The action was launched after the pursuer became aware that the defender was making claims about its relevant experience in the field that it considered to be untrue, particularly about members’ experience in a previous wind farm project known as Windfloat Atlantic. The pursuer further claimed that the experience of individual employees of BlueFloat Energy as set out in the bid was grossly exaggerated, false and misleading.
It was the pursuer’s case that the defender and others had a common intention to injure the interests of other bidding parties for NE6 and had done so by unlawful means, namely the making of false claims. Crown Estate Scotland could not award the contract for the NE6 site to the pursuer as its bid ranked below the defender’s but in a process based on accurate statements it was averred that the pursuer would have won.
On behalf of the defender it was submitted that the pursuer had not established that the defender knew it was bidding for the NE6 site and so the requirement of intention was not met. Further, the statements relied on to establish exaggeration were all statements of opinion, or “puffs”, that could not be used to establish a material misstatement of fact. In any event, the pursuer’s score was not affected, and it had suffered no loss to itself.
In his decision, Lord Sandison said of the unlawful means test: “The pursuer’s averments fail to disclose a relevant case that the defender’s actions amounted to the wrong of breach of contract actionable at the instance of Crown Estate Scotland. Given the general antipathy of the law to misrepresentation, it seems at least possible that a characterisation of the relevant wrong as other than a breach of contract might have been found relevant [but] no attempt was made to argue that Crown Estate Scotland had a right of action against the defender other than one based on breach of contract.”

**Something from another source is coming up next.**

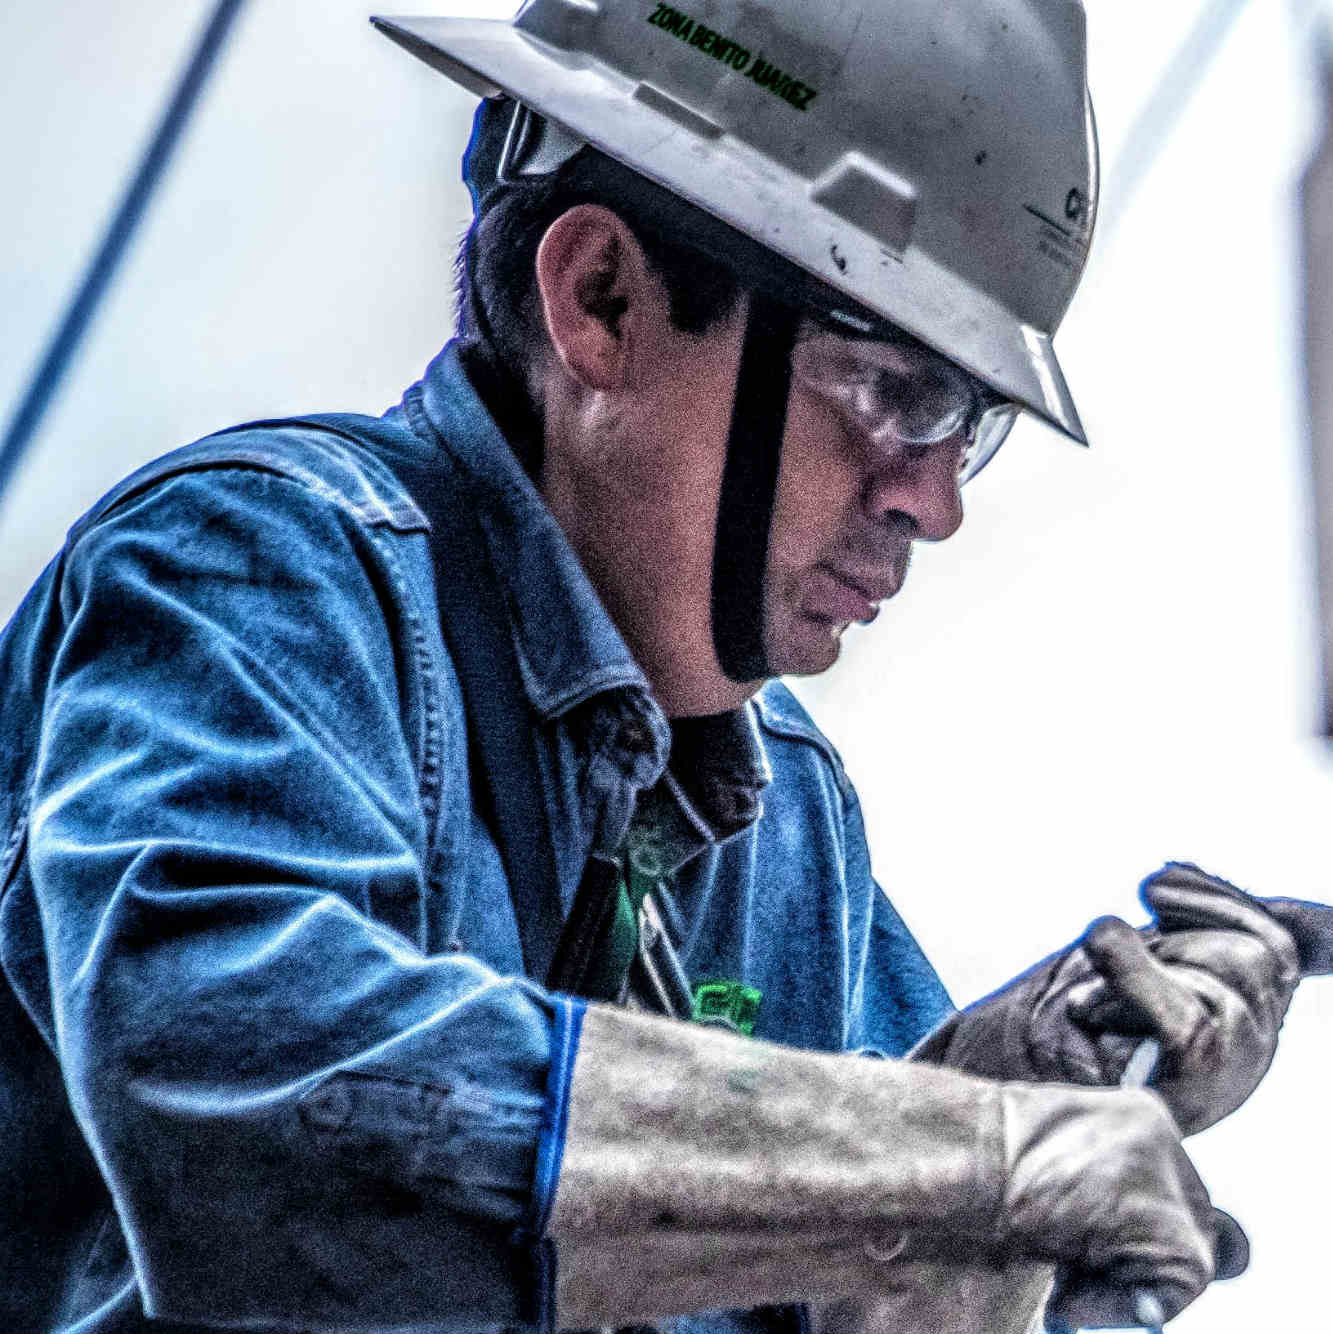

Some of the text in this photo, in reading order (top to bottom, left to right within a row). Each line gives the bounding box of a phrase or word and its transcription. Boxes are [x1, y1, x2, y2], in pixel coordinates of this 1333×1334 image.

[647, 3, 818, 112] ZONA BENITO JUAREZ

On whether the defender’s actions affected Crown Estate Scotland’s freedom to deal with the pursuer, he continued: “While it would in most circumstances be very unusual for an unfair business practice consisting of false self-praise to affect the freedom of anyone to deal as he or she saw fit in the market, in the context of a bidding process with clearly-defined rules for the evaluation of material put forward, and a requirement to make the highest scorer in the process the successful bidder, it is clearly unrealistic to claim that a distortion of the process by the statement of falsehoods capable of affecting the scoring outcome cannot affect the ultimate dealing freedom of the relevant third party.”
Addressing causation, Lord Sandison said: “The difficulty for the pursuer in this context in the present case is that does not know (and has made no very strenuous effort to find out) whether what the defender is alleged to have done resulted in loss to it by causing it not to win the bidding contest for the NE6 site. It is perfectly possible that there were several bidders in the NE6 lease option competition and that the pursuer would never have won it even if the defender had not done what is alleged. Another bidder, including the defender, might have won the competition in any event.”

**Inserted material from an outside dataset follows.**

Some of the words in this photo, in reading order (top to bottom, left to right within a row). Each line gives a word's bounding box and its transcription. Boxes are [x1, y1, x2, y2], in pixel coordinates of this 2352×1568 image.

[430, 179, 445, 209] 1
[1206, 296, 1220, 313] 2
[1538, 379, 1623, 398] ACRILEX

He concluded: “If the pursuer proved every primary fact it offers to prove, the Court would still be entirely unable to conclude that it would have won the NE6 site competition, or indeed that the defender’s alleged falsehoods deprived it of a chance of winning the competition capable of reasonable estimation at any particular level. Any conclusion on those matters would be purely speculative because of the high- level nature of the averred primary facts and the absence of any indication of how the similarly high-level scoring rules were in fact interpreted and applied by Crown Estate Scotland in its evaluation of every bid put forward.”
The pursuer’s action was therefore dismissed.